PLP1 gene duplications were identified in 24 of the unrelated patients whereas a variety of intragenic PLP1 mutations were found in the remaining 14 patients. Of the 14 different intragenic lesions, 11 were novel; these included one nonsense and 7 missense mutations, a 657-bp deletion, a microdeletion and a microduplication. The functional significance of the novel PLP1 missense mutations, all occurring at evolutionarily conserved residues, was analysed by the MutPred tool whereas their potential effect on splicing was ascertained using the Skippy algorithm and a neural network. Although MutPred predicted that all 7 novel missense mutations would be likely to be deleterious, in silico analysis indicated that four of them (p.Leu146Val, p.Leu159Pro, p.Thr230Ile, p.Ala247Asp) might cause exon skipping by altering exonic splicing elements. These predictions were then investigated in vitro for both p.Leu146Val and p.Thr230Ile by means of RNA or minigene studies and were subsequently confirmed in the case of p.Leu146Val. Peripheral neuropathy was noted in four patients harbouring intragenic mutations that altered RNA processing, but was absent from all PLP1-duplication patients. Unprecedentedly, family studies revealed the de novo occurrence of the PLP1 duplication at a frequency of 20%.

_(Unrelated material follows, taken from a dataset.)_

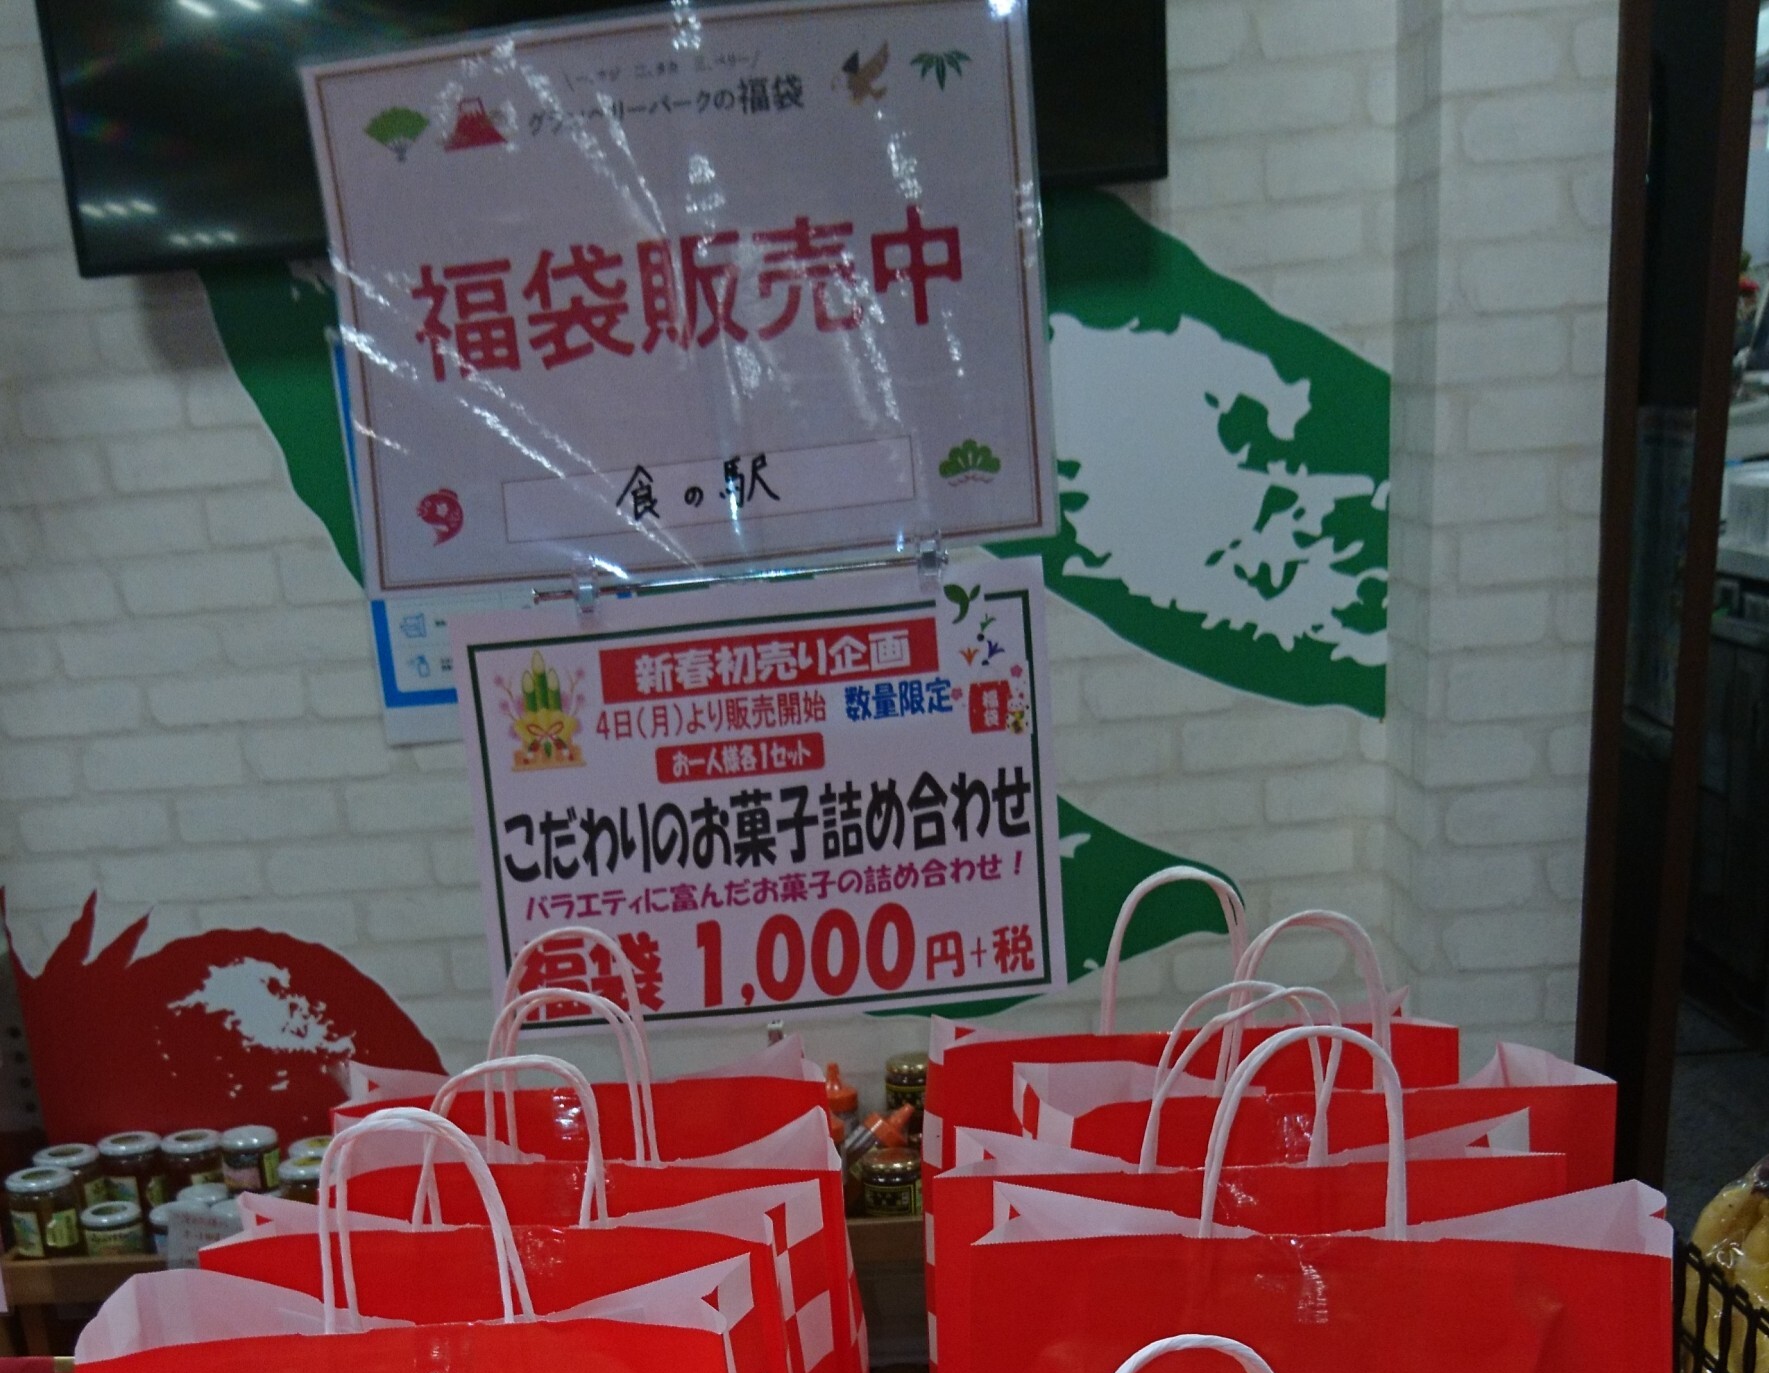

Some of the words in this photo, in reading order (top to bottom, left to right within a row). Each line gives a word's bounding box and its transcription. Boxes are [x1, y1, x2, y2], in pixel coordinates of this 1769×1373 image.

Pelizaeus-Merzbacher 病和痉挛性截瘫 2 型的临床表现广泛,这是由于 X 连锁 PLP1 基因编码髓鞘少突胶质细胞糖蛋白(PLP)的等位基因高度异质性所致。PLP1 突变范围从 60-70%患者中发现的大小可变的基因重复到 15-20%患者中存在的基因内病变。
研究了 38 个无关家庭的 48 名男性患者,这些患者均存在 PLP1 相关疾病。使用实时 PCR 对所有 DNA 样本进行 PLP1 基因重复筛查。对基因重复阴性的患者进行 PLP1 基因测序分析。还确定了所有 14 位有家族性 PLP1 基因突变的潜在女性携带者的突变状态,以及 24 位 PLP1 重复潜在女性携带者中的 15 位。
在 24 位无关患者中发现了 PLP1 基因重复,而在其余 14 位患者中发现了多种基因内 PLP1 突变。在 14 种不同的基因内病变中,有 11 种是新的;其中包括 1 种无义突变和 7 种错义突变、657bp 缺失、微缺失和微重复。使用 MutPred 工具分析了所有发生在进化上保守残基的新型 PLP1 错义突变的功能意义,使用 Skippy 算法和神经网络确定了它们对剪接的潜在影响。尽管 MutPred 预测所有 7 种新型错义突变都可能是有害的,但计算机分析表明,其中 4 种(p.Leu146Val、p.Leu159Pro、p.Thr230Ile、p.Ala247Asp)可能通过改变外显子剪接元件引起外显子跳跃。然后通过 RNA 或 minigene 研究对 p.Leu146Val 和 p.Thr230Ile 进行了体外研究,并在 p.Leu146Val 的情况下进行了证实。携带改变 RNA 处理的基因内突变的 4 名患者出现了周围神经病,但所有 PLP1 重复患者均无此症状。家族研究显示,PLP1 重复的发生率为 20%,这是前所未有的新生突变。